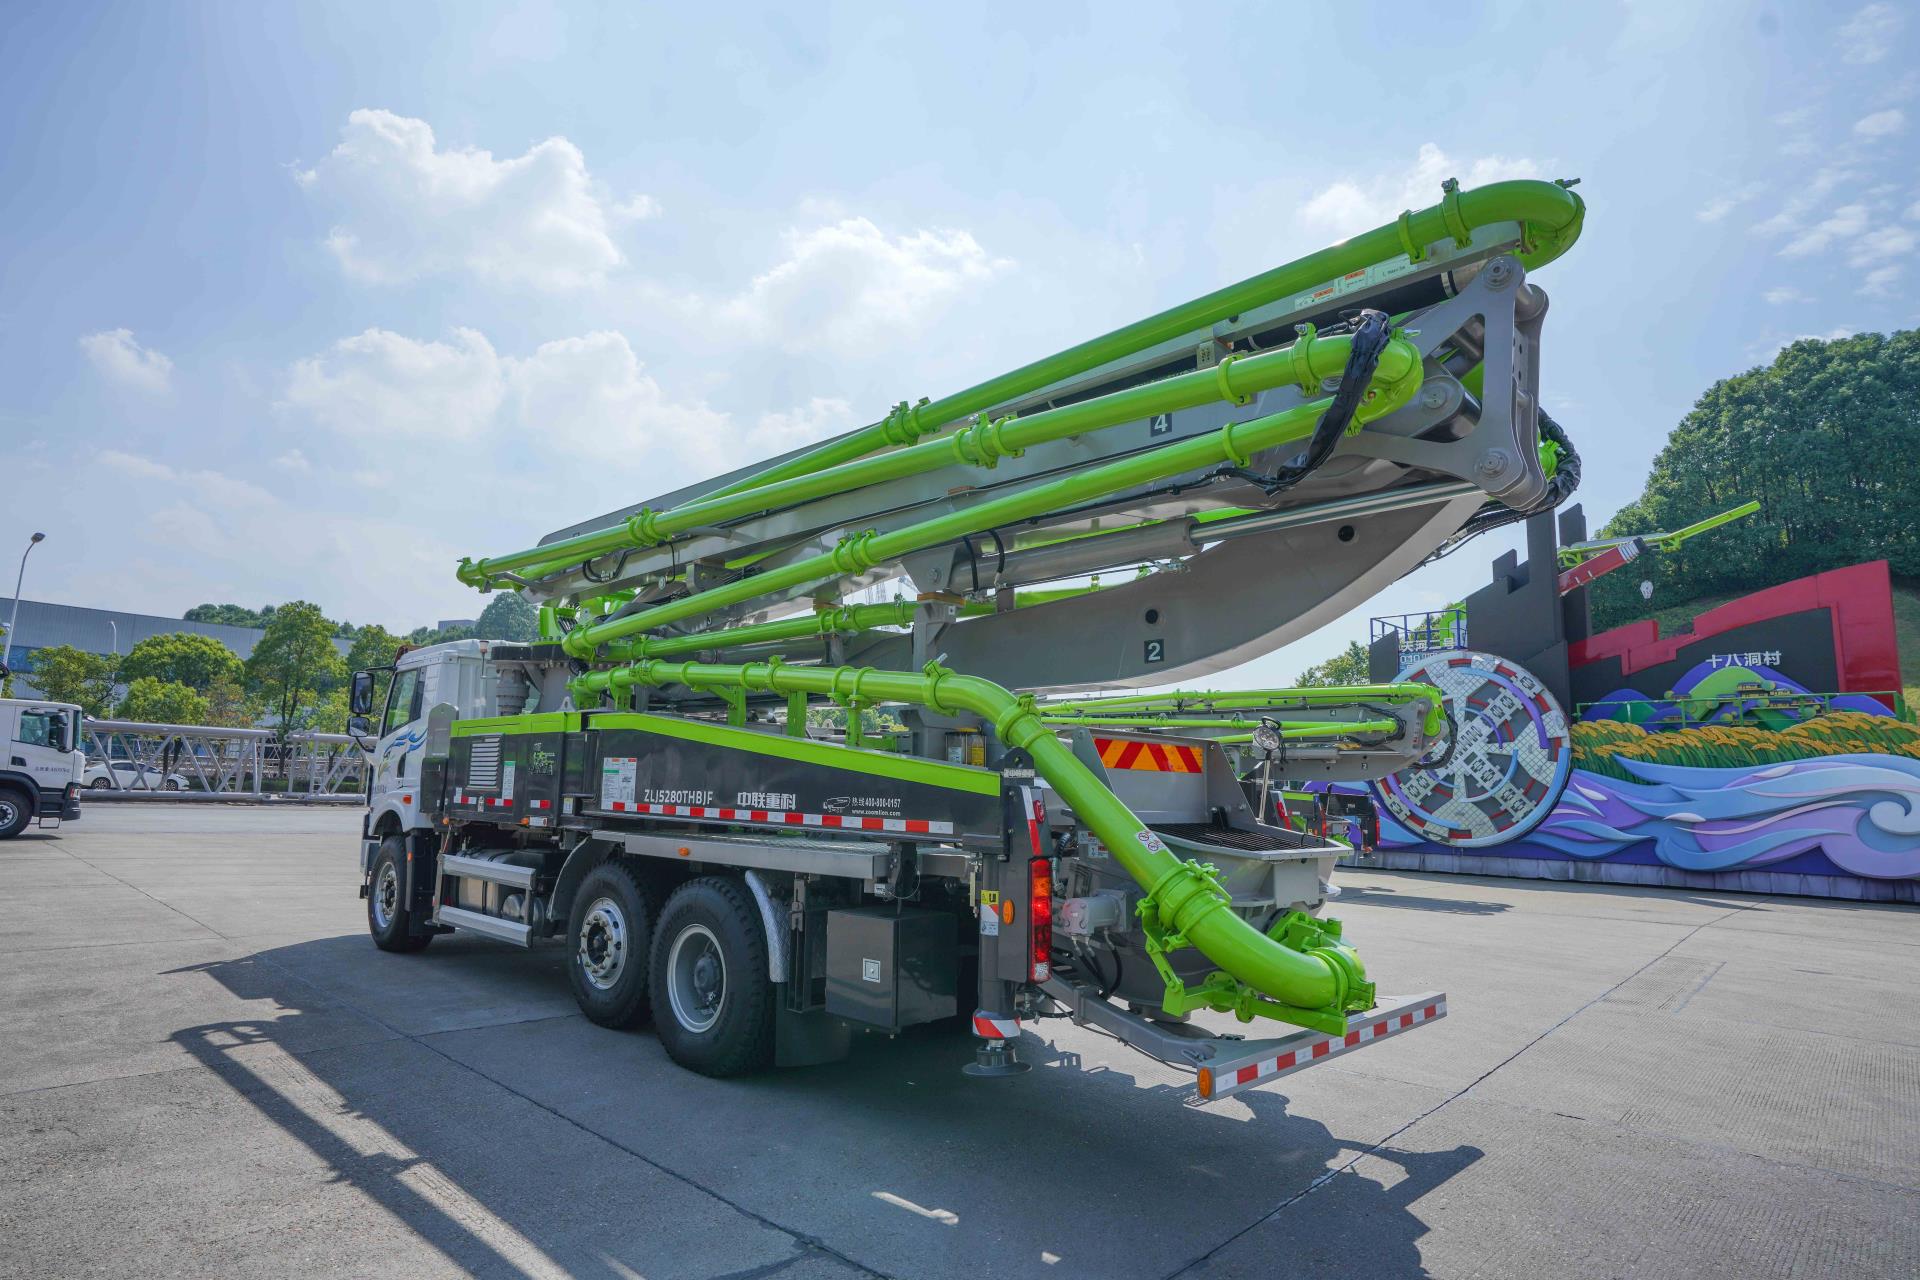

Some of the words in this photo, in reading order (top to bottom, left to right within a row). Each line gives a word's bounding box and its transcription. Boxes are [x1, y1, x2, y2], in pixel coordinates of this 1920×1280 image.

[1154, 414, 1168, 432] 4
[1148, 642, 1160, 661] 2
[1401, 637, 1456, 652] 天河二号
[1705, 650, 1782, 669] 十八洞村
[644, 789, 714, 806] ZLJ5280THBJF
[737, 791, 796, 810] 中联重科
____________
## TASK DESCRIPTION:
I'd like every record printed exactly, with the pictures left out.

## SOLUTION TO THIS EXERCISE:
Some of the words in this photo, in reading order (top to bottom, left to right within a row). Each line gives a word's bounding box and its transcription. Boxes are [x1, y1, x2, y2], in pixel coordinates of this 1920×1280 image.

[1154, 414, 1168, 432] 4
[1148, 642, 1160, 661] 2
[1401, 637, 1456, 652] 天河二号
[1705, 650, 1782, 669] 十八洞村
[644, 789, 714, 806] ZLJ5280THBJF
[737, 791, 796, 810] 中联重科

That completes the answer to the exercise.